BRIEF: Could you reproduce all the entries under this sentence exactly, leaving the images aside?
Segment Start: RECORDS TO USE
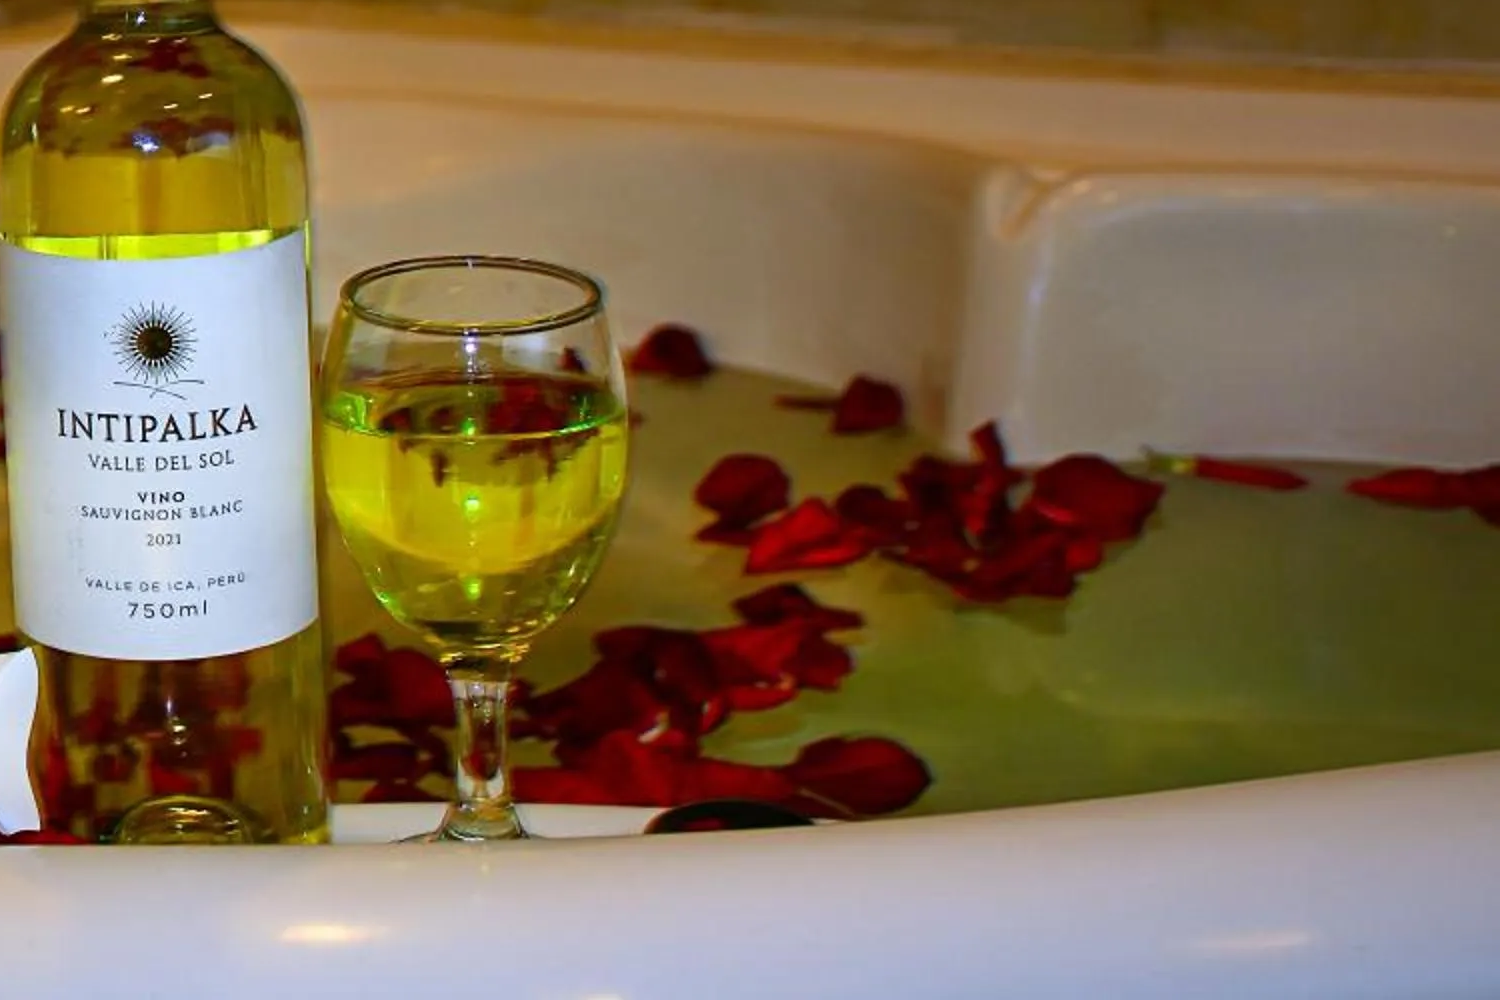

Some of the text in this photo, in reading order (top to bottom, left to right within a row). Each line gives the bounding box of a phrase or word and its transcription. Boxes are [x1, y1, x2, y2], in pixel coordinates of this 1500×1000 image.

[57, 403, 258, 443] INTIPALKA
[88, 449, 235, 472] VALLE DEL SOL
[137, 491, 186, 505] VINO
[81, 500, 243, 521] SAUVIGNON BLANC
[146, 533, 182, 547] 2021
[85, 577, 133, 592] VALLE
[139, 581, 161, 593] DE
[128, 599, 207, 619] 750ml
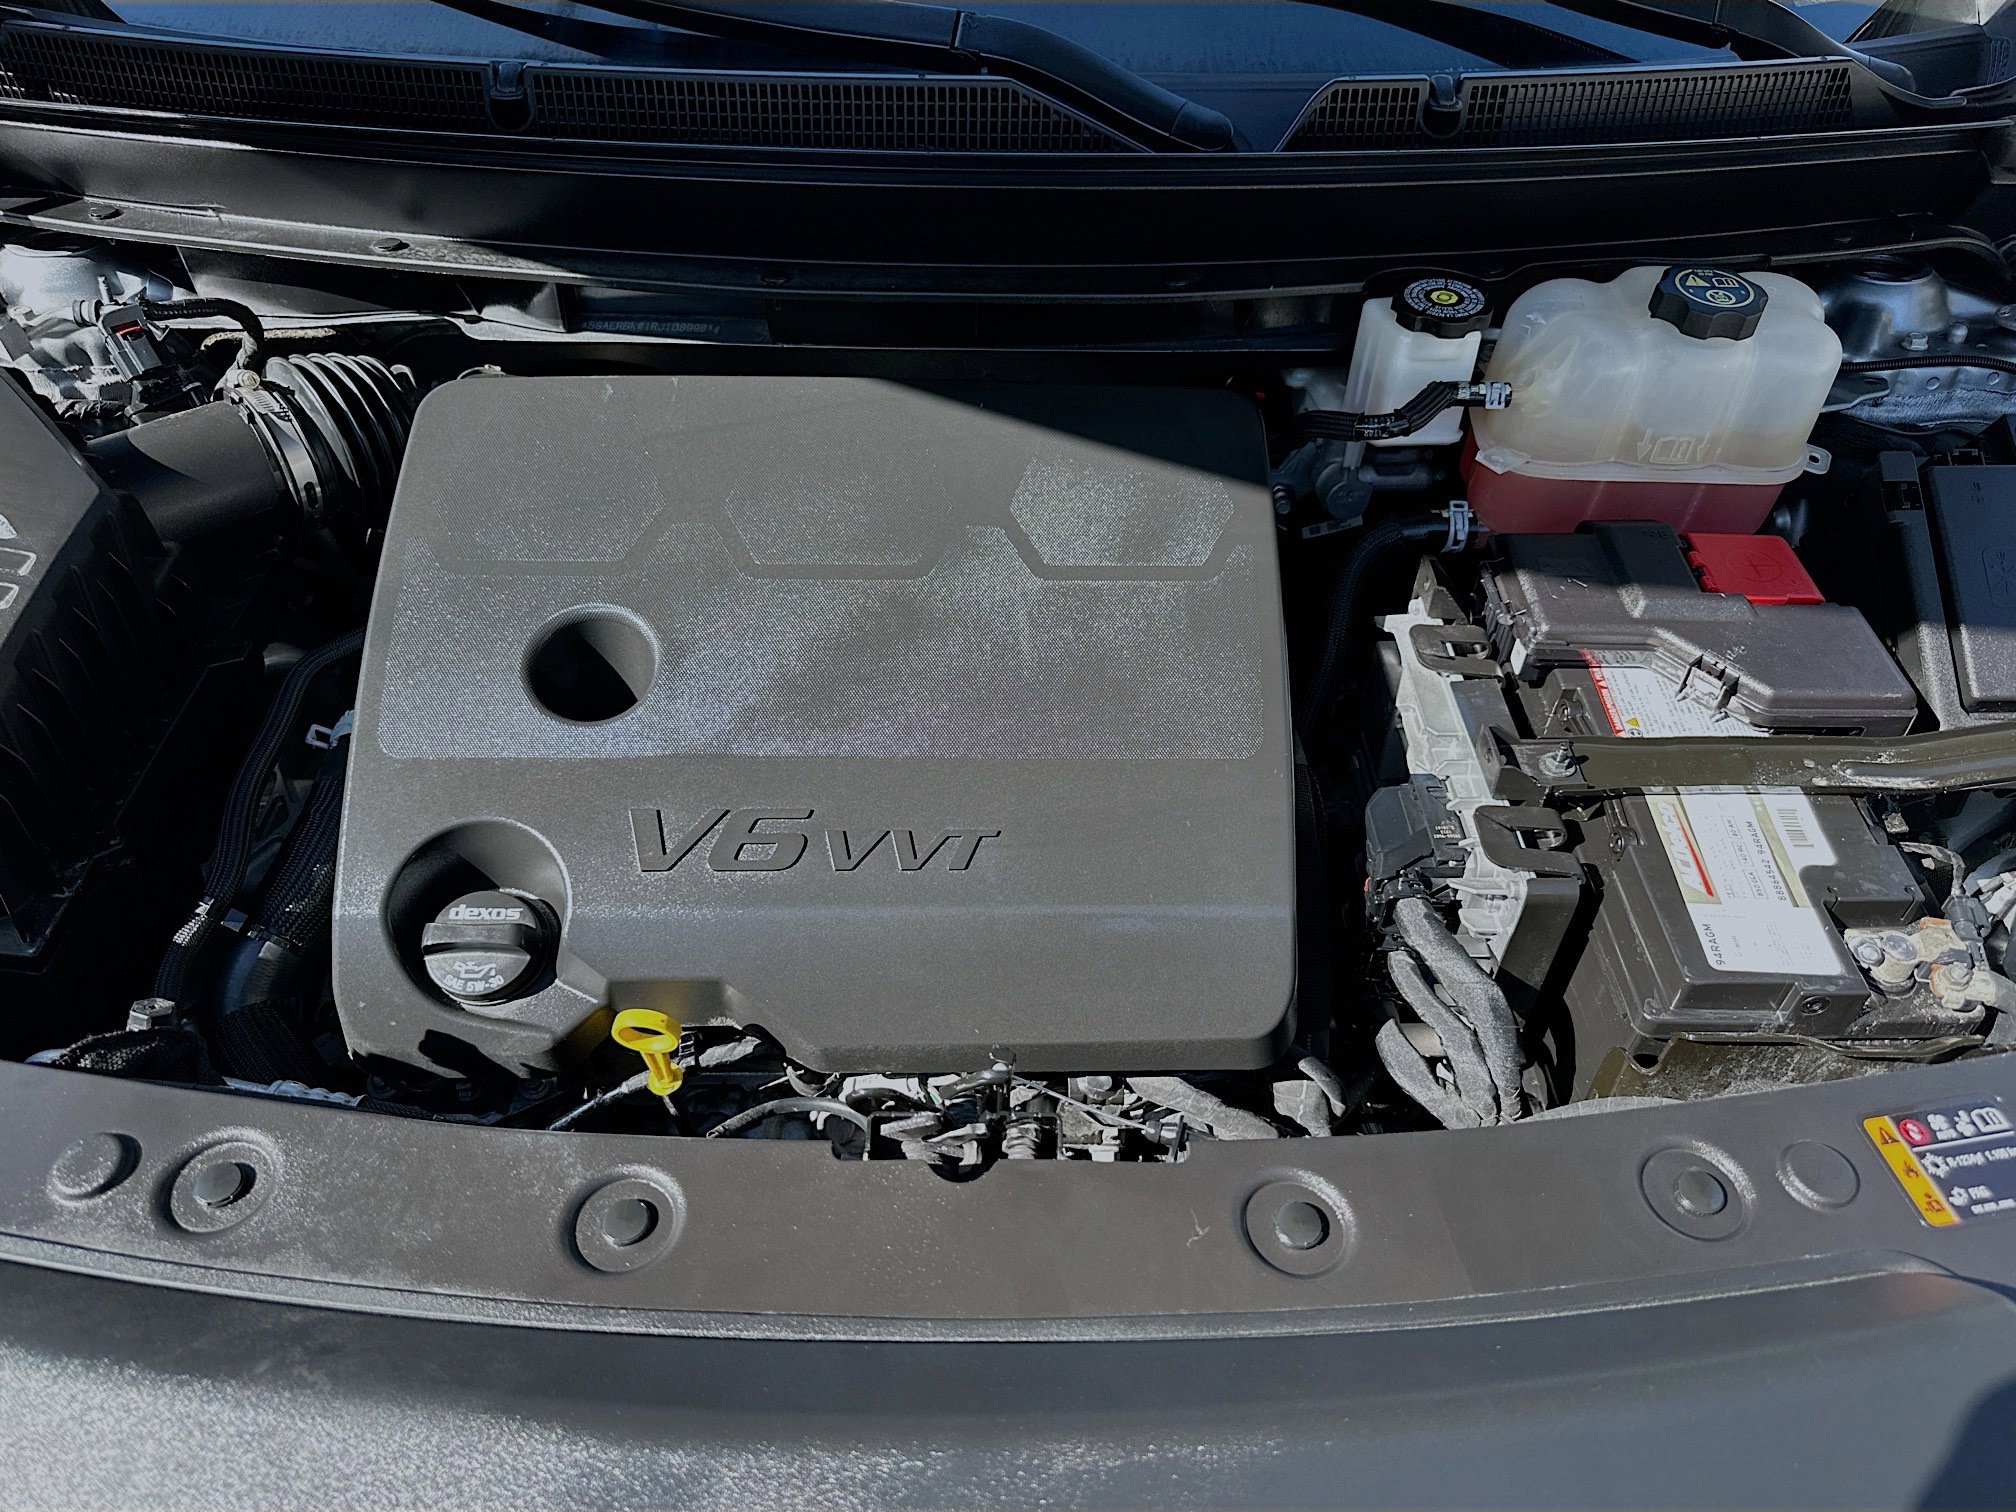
Segment End: RECORDS TO USE
OUTPUT FOR THIS TASK:
Some of the text in this photo, in reading order (top to bottom, left to right within a row). Each line gives the bounding box of a phrase or word and its transcription. Boxes are [x1, y1, x2, y2], in pixel coordinates of this 1500×1000 image.

[57, 403, 258, 443] INTIPALKA
[88, 449, 235, 472] VALLE DEL SOL
[137, 491, 186, 505] VINO
[81, 500, 243, 521] SAUVIGNON BLANC
[146, 533, 182, 547] 2021
[85, 577, 133, 592] VALLE
[139, 581, 161, 593] DE
[128, 599, 207, 619] 750ml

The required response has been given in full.